Pulaski County Tea Partiers, justifying their fury by noting the $1 increase had not been voted on by the people began circulating a petition to dissolve the library tax district completely. The effort’s leader declared her group would stop accumulating signatures only if all members of the current library board resigned.
The board did not resign and ultimately the petitioners found they had too little time to gather the necessary signatures. But the Tea Party had demonstrated its strength and revealed its willingness to use scorched earth tactics.
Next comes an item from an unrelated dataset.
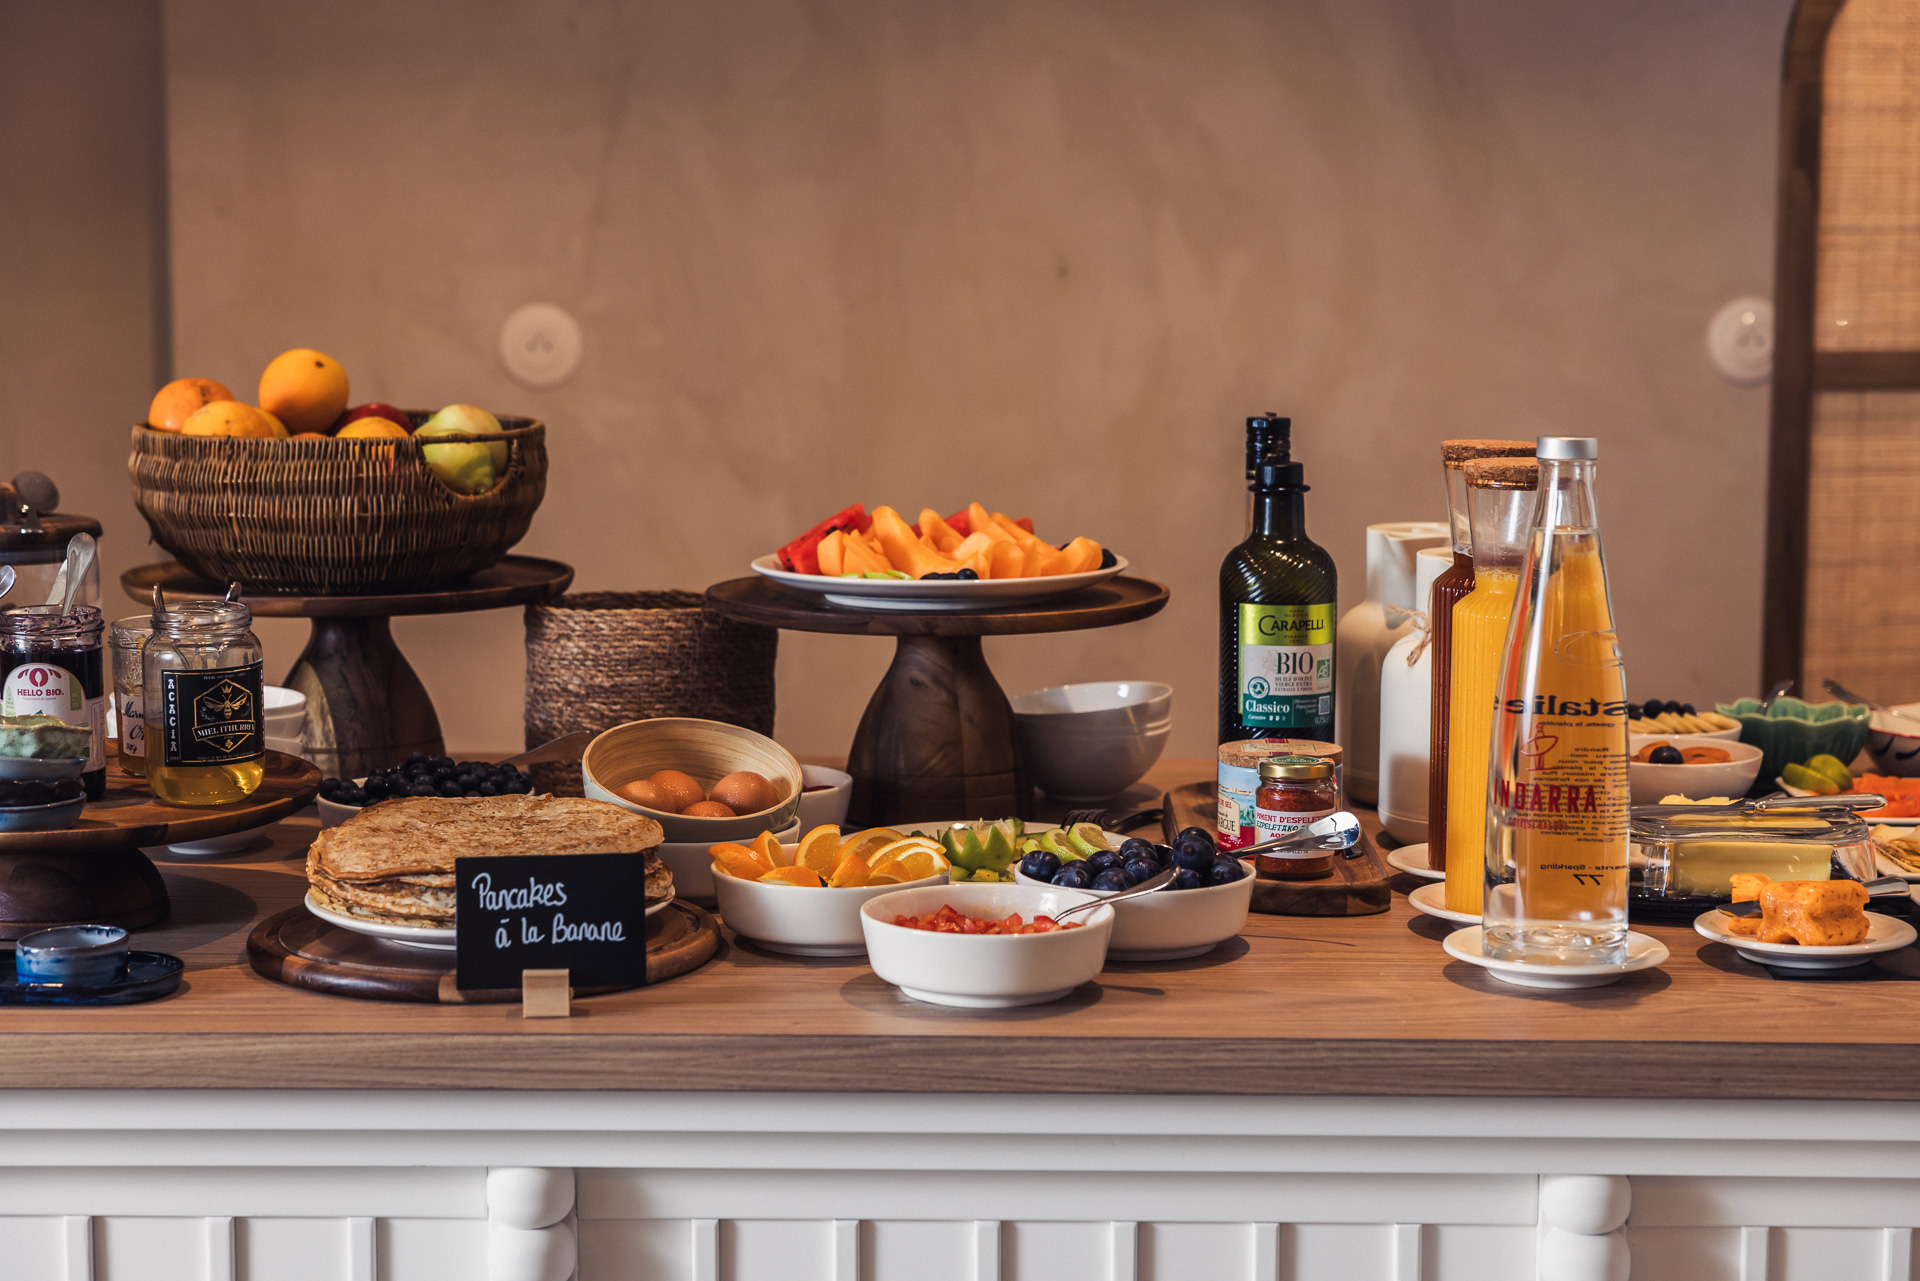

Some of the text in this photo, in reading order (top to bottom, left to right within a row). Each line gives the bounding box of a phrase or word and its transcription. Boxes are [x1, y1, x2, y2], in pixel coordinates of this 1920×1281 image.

A year before the Pulaski library district raised property taxes without asking voter permission, the Campbell County Library Board proposed a $20-per-year tax increase to finance the construction of a new library in the underserved southern part of the county. It would submit the proposal to voters on the November 2012 ballot.
In six public hearings Tea Party members tried to stop the project from being on the ballot. When they failed they asked a lawyer to identify ways to halt the project. He came across a 1964 statute that prohibited library taxing district formed by a petition from voters—as the Campbell County district was—to change its tax rate without a petition signed by at least 51 percent of voters in the last election. In January 2012, 11 months before the voters were to decide the issue (they rejected the project) several Tea Party members went to court. A few months later Tea Party members in Kenton, a neighboring county, did the same.
Library districts argued that they were governed by a 1979 law enacted when high inflation threatened to erode basic services like sewers, sanitation, roads, fire protection and libraries. That law allowed the voters to establish a special purpose taxing district with the authority to raise taxes by 4 percent per year without a popular vote. For 34 years public libraries had operated under that statute. Until the Tea Party suit no one had questioned their right to do so.
In April 2013 two circuit court judges upheld the Tea Party’s argument. Judge Julie Reinhardt Ward ruled that the earlier statute trumped the 1979 law. “…(A) library tax created by a petition of the people of a county can only be changed by a petition of the people of that county.” Little more than a week later circuit court judge Patricia Summe ruled that Kenton County likewise had been improperly raising taxes since its founding in 1967. The courts ordered Campbell County to roll back its rates to 1978 levels and Kenton County back to 1967.
By July, Tea Party members had filed suits against three more county libraries in northern Kentucky. The courts’ decisions could have wide repercussions since 90 percent of library funding in Kentucky comes from local property taxes and 79 out of 106 library districts in Kentucky would be affected by these rulings.